**Exercise directions:** What follows is a set of records; repeat them exactly, without the pictures.
● ● ● ● ●
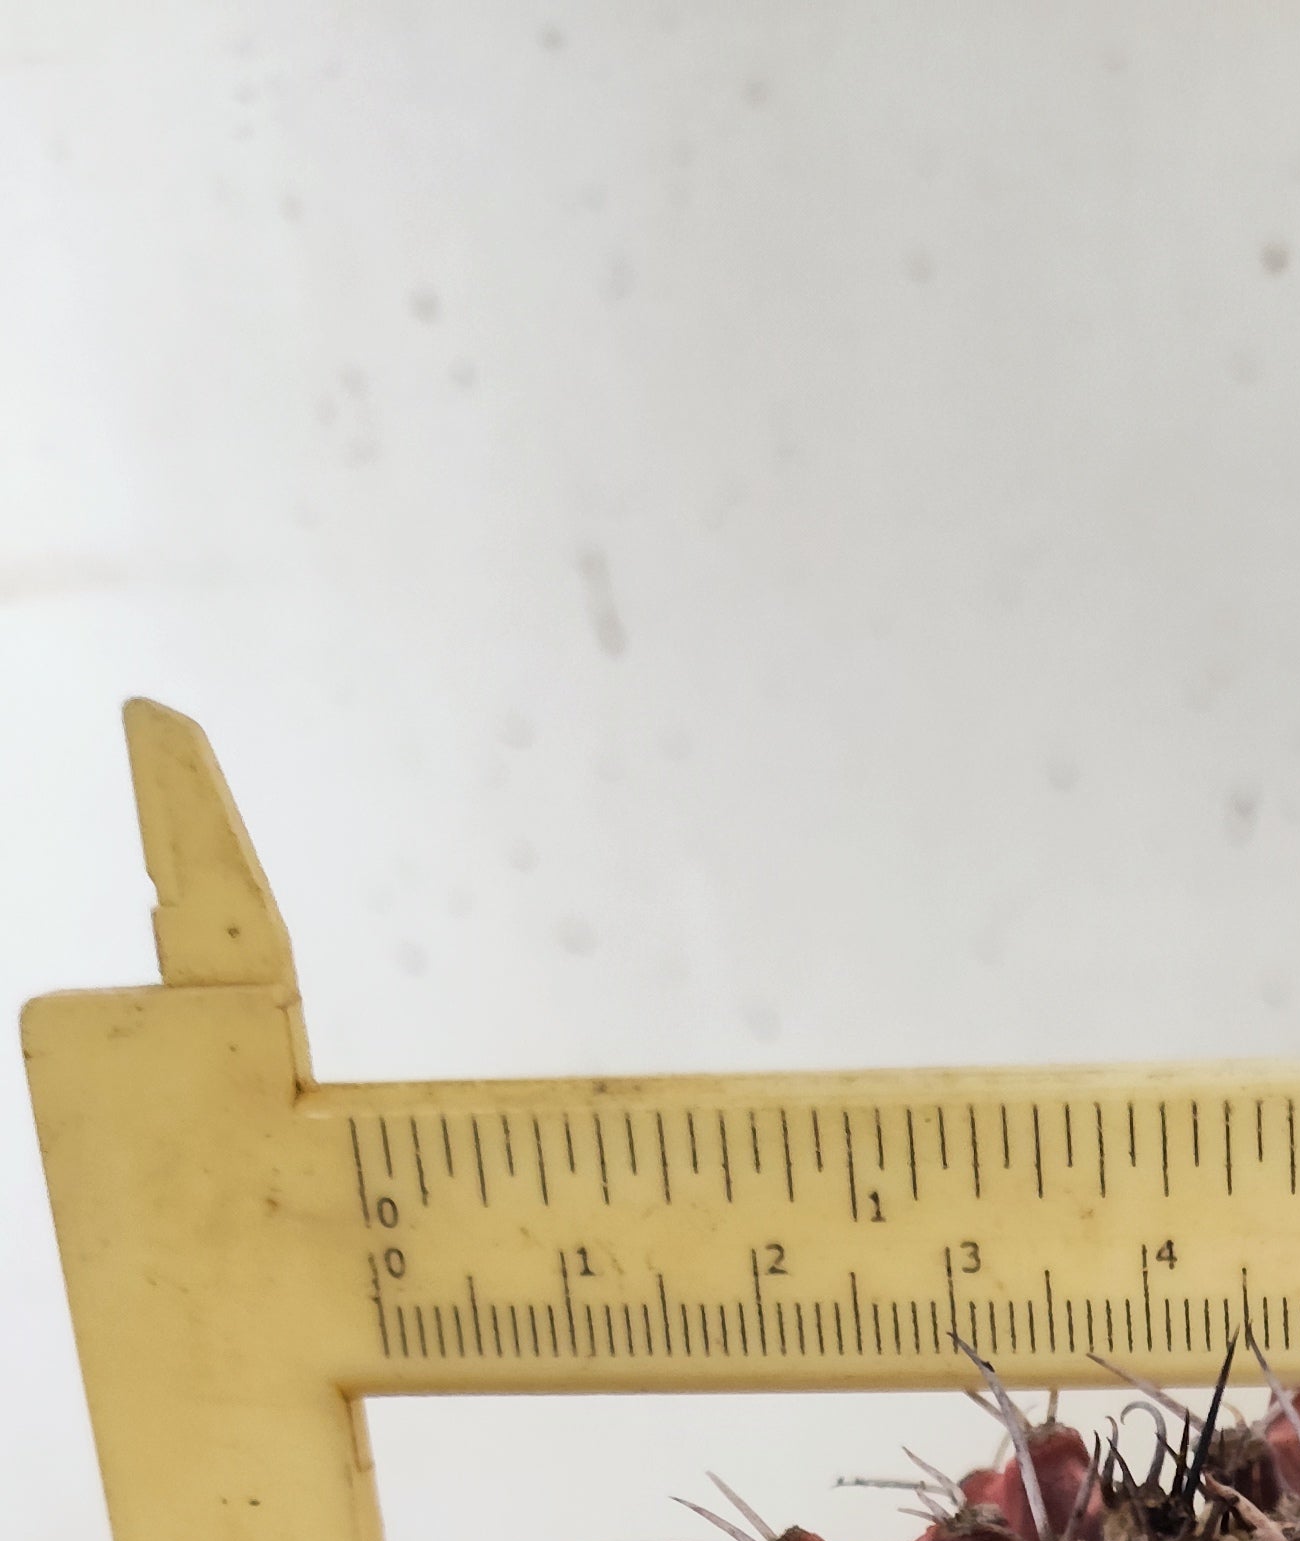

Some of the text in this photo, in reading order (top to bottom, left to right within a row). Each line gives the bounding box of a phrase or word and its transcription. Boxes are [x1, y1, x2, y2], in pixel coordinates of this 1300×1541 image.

[376, 1196, 399, 1228] 0
[869, 1191, 886, 1223] 1
[384, 1247, 405, 1278] 0
[577, 1246, 596, 1277] 1
[765, 1243, 788, 1276] 2
[960, 1241, 982, 1274] 3
[1155, 1240, 1178, 1270] 4
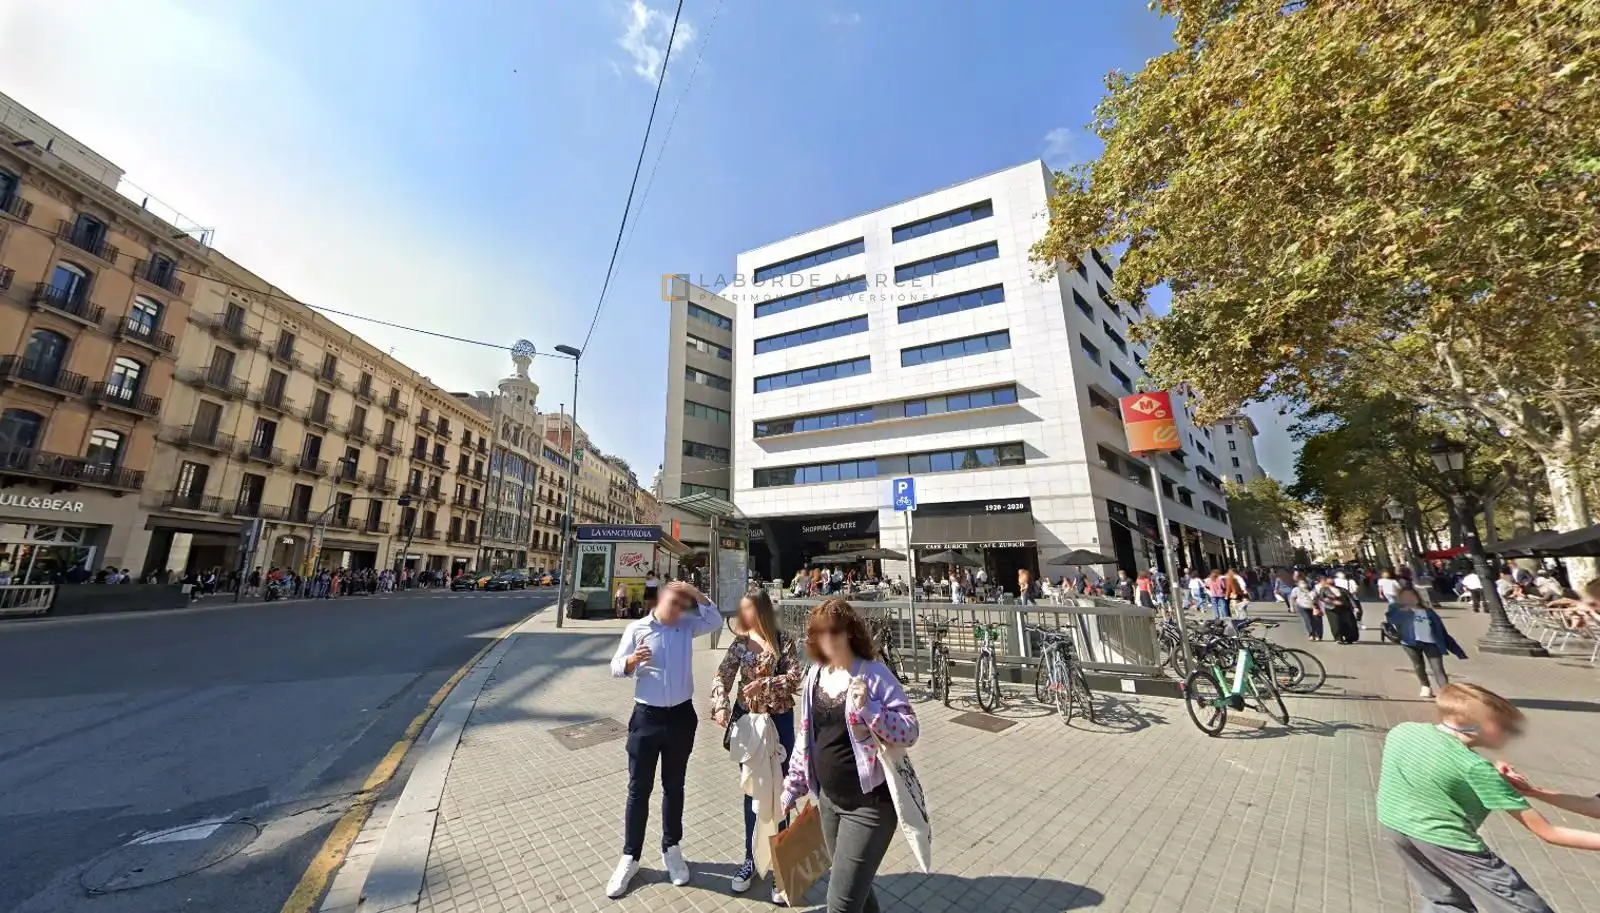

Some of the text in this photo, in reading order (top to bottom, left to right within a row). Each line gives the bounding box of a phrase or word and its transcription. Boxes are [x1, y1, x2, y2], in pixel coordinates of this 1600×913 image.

[898, 481, 908, 494] P
[591, 528, 652, 538] LA VANGUARDIA
[581, 544, 608, 553] LOEWE
● ● ● ● ●
**Response box:**
Some of the text in this photo, in reading order (top to bottom, left to right within a row). Each line gives the bounding box of a phrase or word and its transcription. Boxes are [x1, y1, x2, y2], in pixel coordinates of this 1300×1541 image.

[376, 1196, 399, 1228] 0
[869, 1191, 886, 1223] 1
[384, 1247, 405, 1278] 0
[577, 1246, 596, 1277] 1
[765, 1243, 788, 1276] 2
[960, 1241, 982, 1274] 3
[1155, 1240, 1178, 1270] 4

Some of the text in this photo, in reading order (top to bottom, left to right within a row). Each line gives the bounding box of a phrase or word and its transcription. Boxes are [x1, y1, x2, y2], in pixel coordinates of this 1600×913 image.

[898, 481, 908, 494] P
[591, 528, 652, 538] LA VANGUARDIA
[581, 544, 608, 553] LOEWE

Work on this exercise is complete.